Task prompt: Each entry is to be retyped exactly as it appears, and each image is to be dropped.

Referring expression grounding data:
☆ ☆ ☆

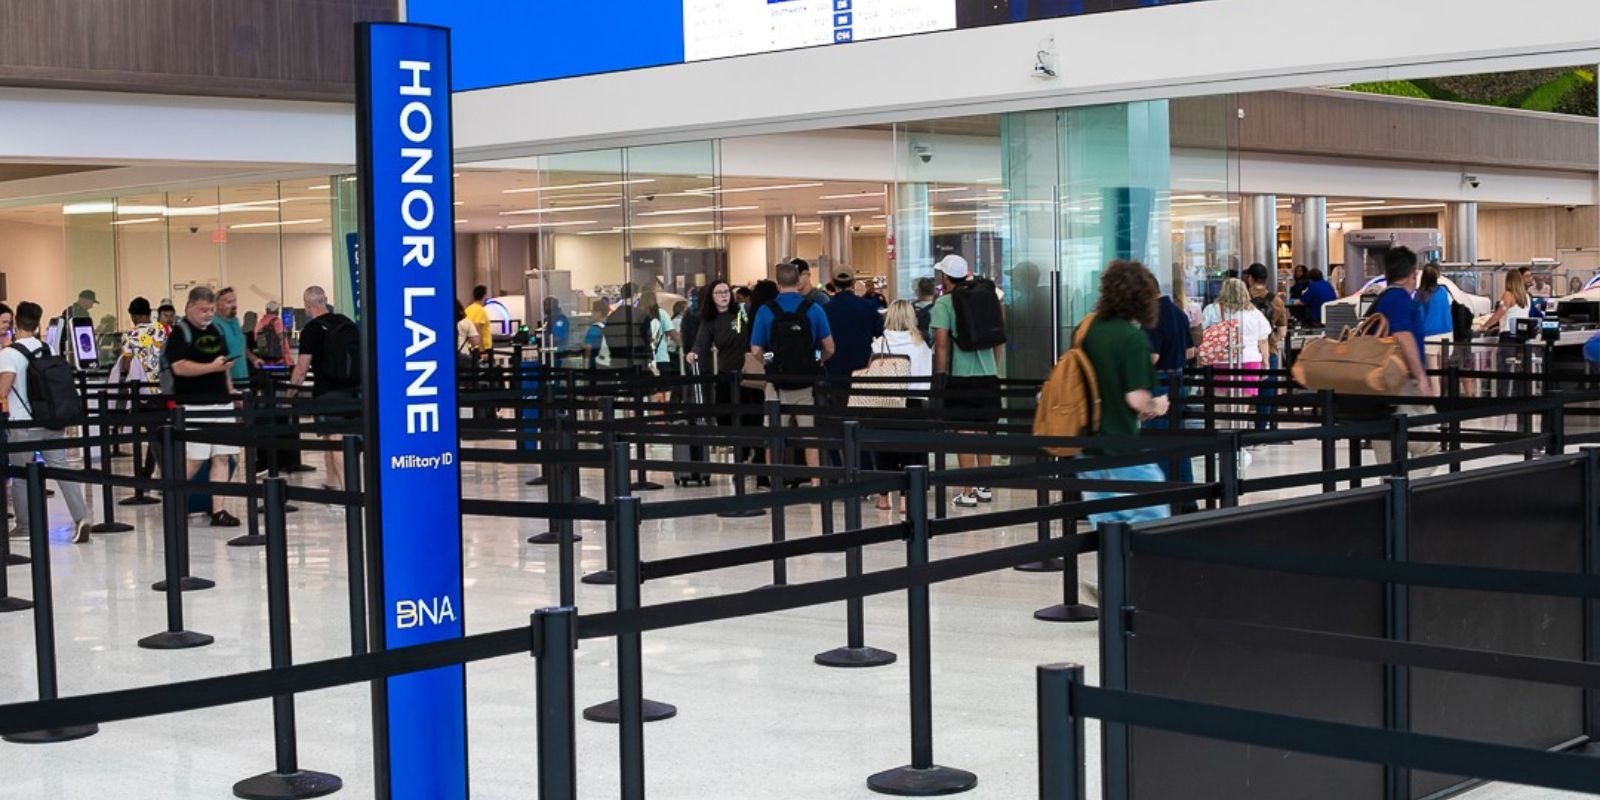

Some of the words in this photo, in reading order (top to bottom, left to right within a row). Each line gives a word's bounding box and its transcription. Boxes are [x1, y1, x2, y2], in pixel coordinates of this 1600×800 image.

[399, 60, 435, 267] HONOR
[403, 287, 440, 434] LANE
[391, 455, 440, 469] Military
[442, 452, 453, 465] ID
[396, 595, 455, 629] BNA

☆ ☆ ☆

Exercise response:
Some of the words in this photo, in reading order (top to bottom, left to right within a row). Each line gives a word's bounding box and its transcription. Boxes are [x1, y1, x2, y2], in pixel coordinates of this 1600×800 image.

[399, 60, 435, 267] HONOR
[403, 287, 440, 434] LANE
[391, 455, 440, 469] Military
[442, 452, 453, 465] ID
[396, 595, 455, 629] BNA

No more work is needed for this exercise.